Media / Press Releases

GLOUCESTER COUNTY 2 MW SOLAR FARM

December 29, 2008
By Jeremy Rosen
Courier-Post Staff

For the last four years, David Sharrow has focused on the sun and found how to make an environmental impact by adding solar energy to the electric utility grid.

The Mantua resident, partly fueled by concerns for the future of his eight children in a degenerating environment, has reached a $14 million agreement with a solar energy development company. He plans to transpose his 10-acre Williamstown lot into potentially the biggest solar farm in South Jersey.

"It could change everything," the 49-year-old general contractor said.

The nearly 9,000-panel solar farm would annually produce two megawatts of power or enough energy to supply more than 1,000 families, and also reduce yearly carbon dioxide emissions by more than 3,000 tons, according to the developer SolarWorks NJ.

The project would create temporary and permanent green-collar jobs and the site, off Route 322 between Fries Mill and Tuckahoe roads, could be used as an alternative energy field trip for college students, Sharrow said.

"If you're going to do it, do it right," Sharrow said.

So, Sharrow and his wife and partner on the job, Denese Rome, have full confidence in SolarWorks NJ of Turnersville to design, install, market and maintain the site, and obtain financing and contracts for the project.

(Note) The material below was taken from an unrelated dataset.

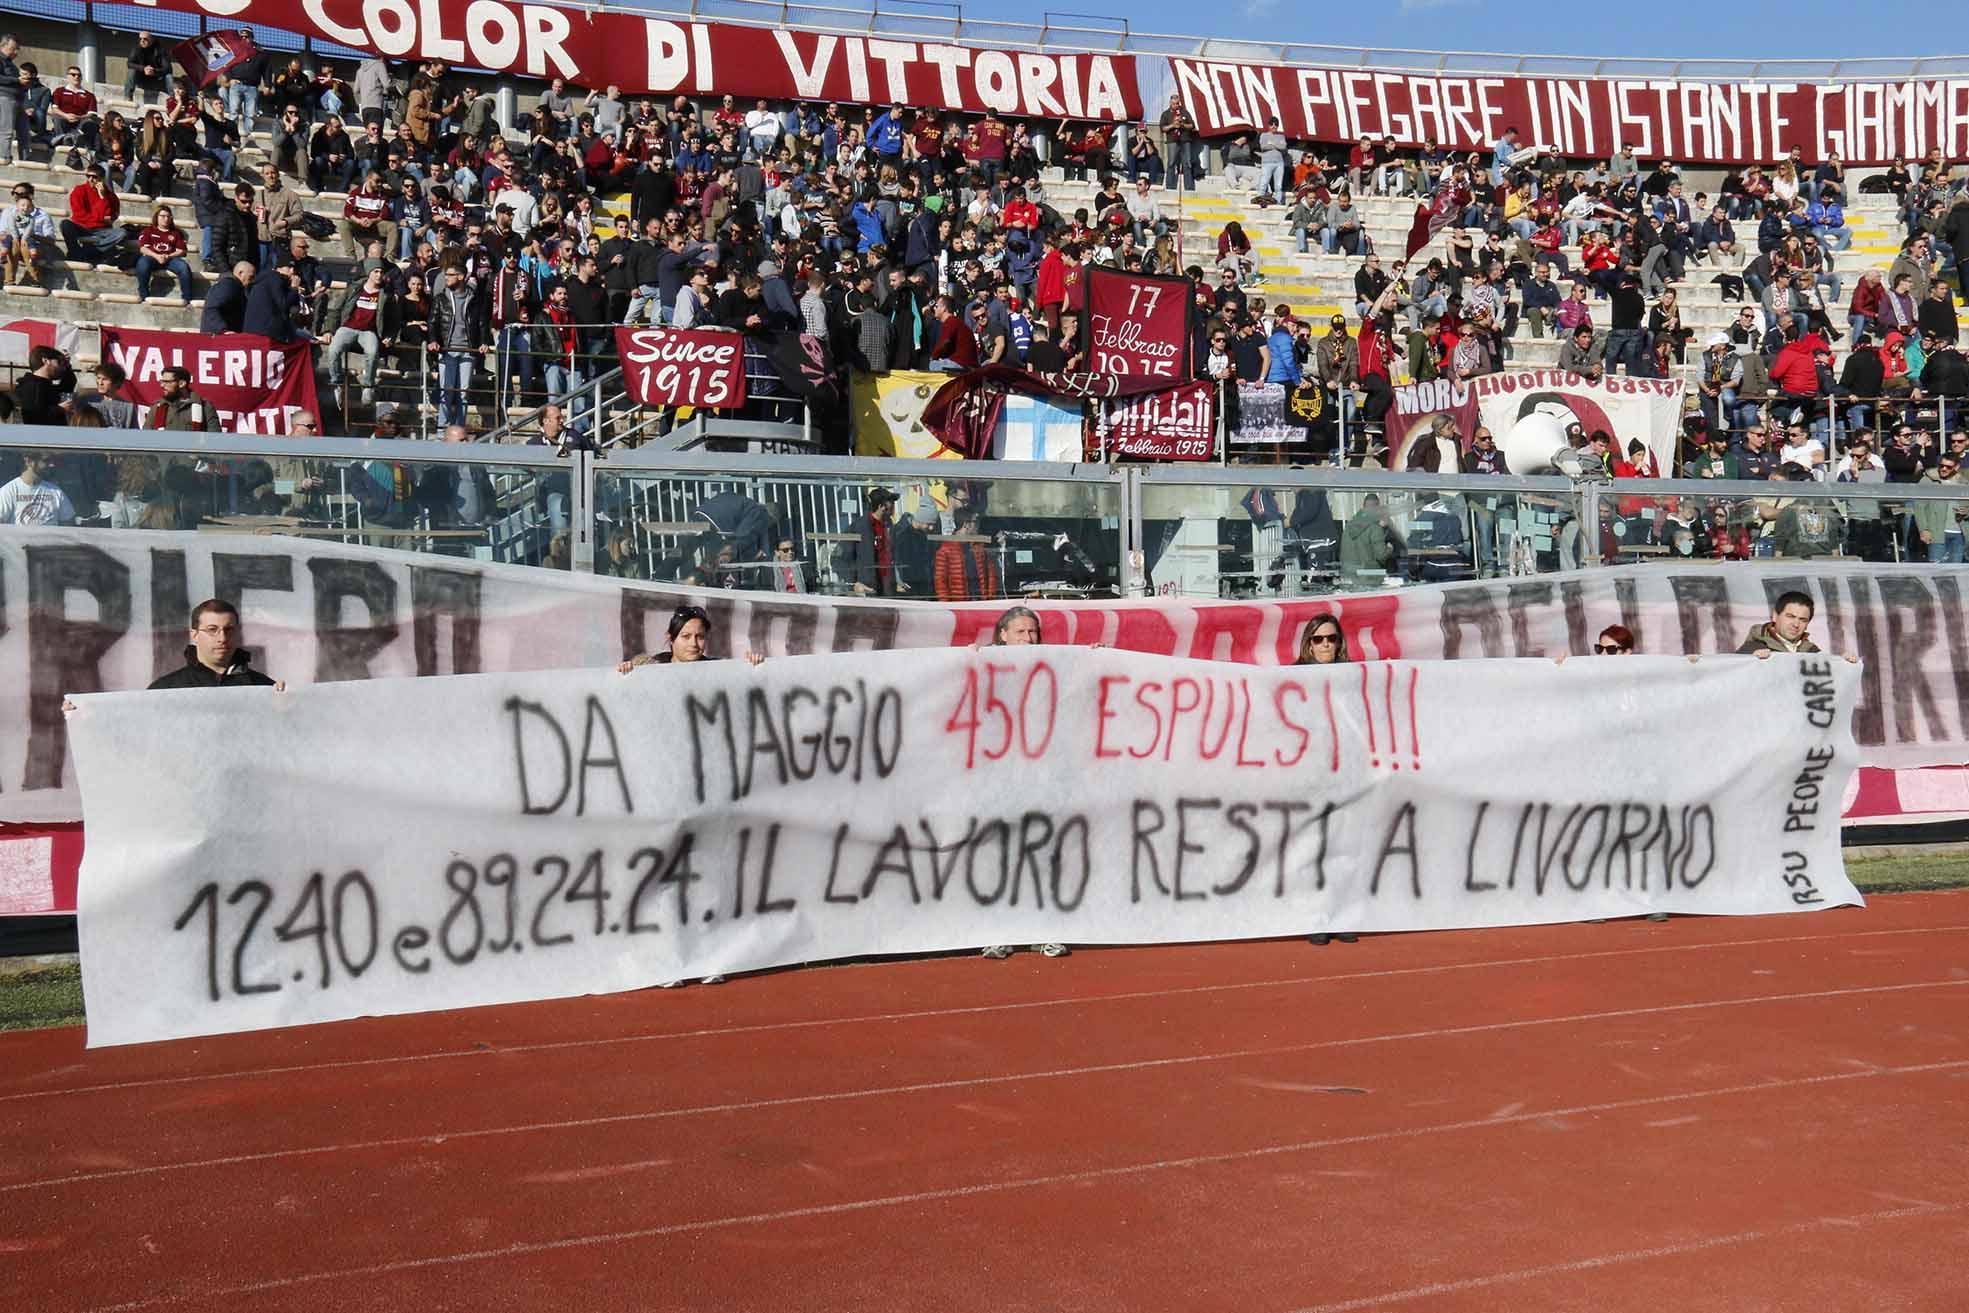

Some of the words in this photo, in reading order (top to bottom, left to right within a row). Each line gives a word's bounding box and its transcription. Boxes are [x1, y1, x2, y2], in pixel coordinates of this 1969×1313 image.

The first step, said SolarWorks NJ chief executive Steve Masapollo, is to get financing.

Several investors are interested, Sharrow and Masapollo said. The next step will be to have a site study done and go through local planning and earn state approvals, they said.

Plans have not yet been submitted to the township.

"We think they'll be happy it's here," Masapollo said. "It's a big deal for us too, because big California companies normally do this work and the money goes to California not New Jersey." Masapollo also has 7 more 2 MW projects under contract.

Sharrow purchased the site, a former rhododendron farm, on Dec. 29, 2004, for $160,000, according to officials in the tax assessor's office. He has since cleaned up the site, which officials said is assessed at $120,700.

Sharrow and Masapollo expect to break ground in March and have the solar farm running by May. Sharrow's solar farm would be the largest in South Jersey, bigger than Gloucester County's other solar farm, BP's Paulsboro Terminal.

BP's 5,800-panel farm opened in 2002 as the largest solar farm on the East Coast, according to a BP Web site. It produces 276,000 kilowatt hours a year in clean electricity, the Web site says.

Sharrow's would produce more than 2.7 million kilowatt hours, according to Masapollo.
Lisa Morina, executive director of Gloucester County economic development, said her department would help with the project.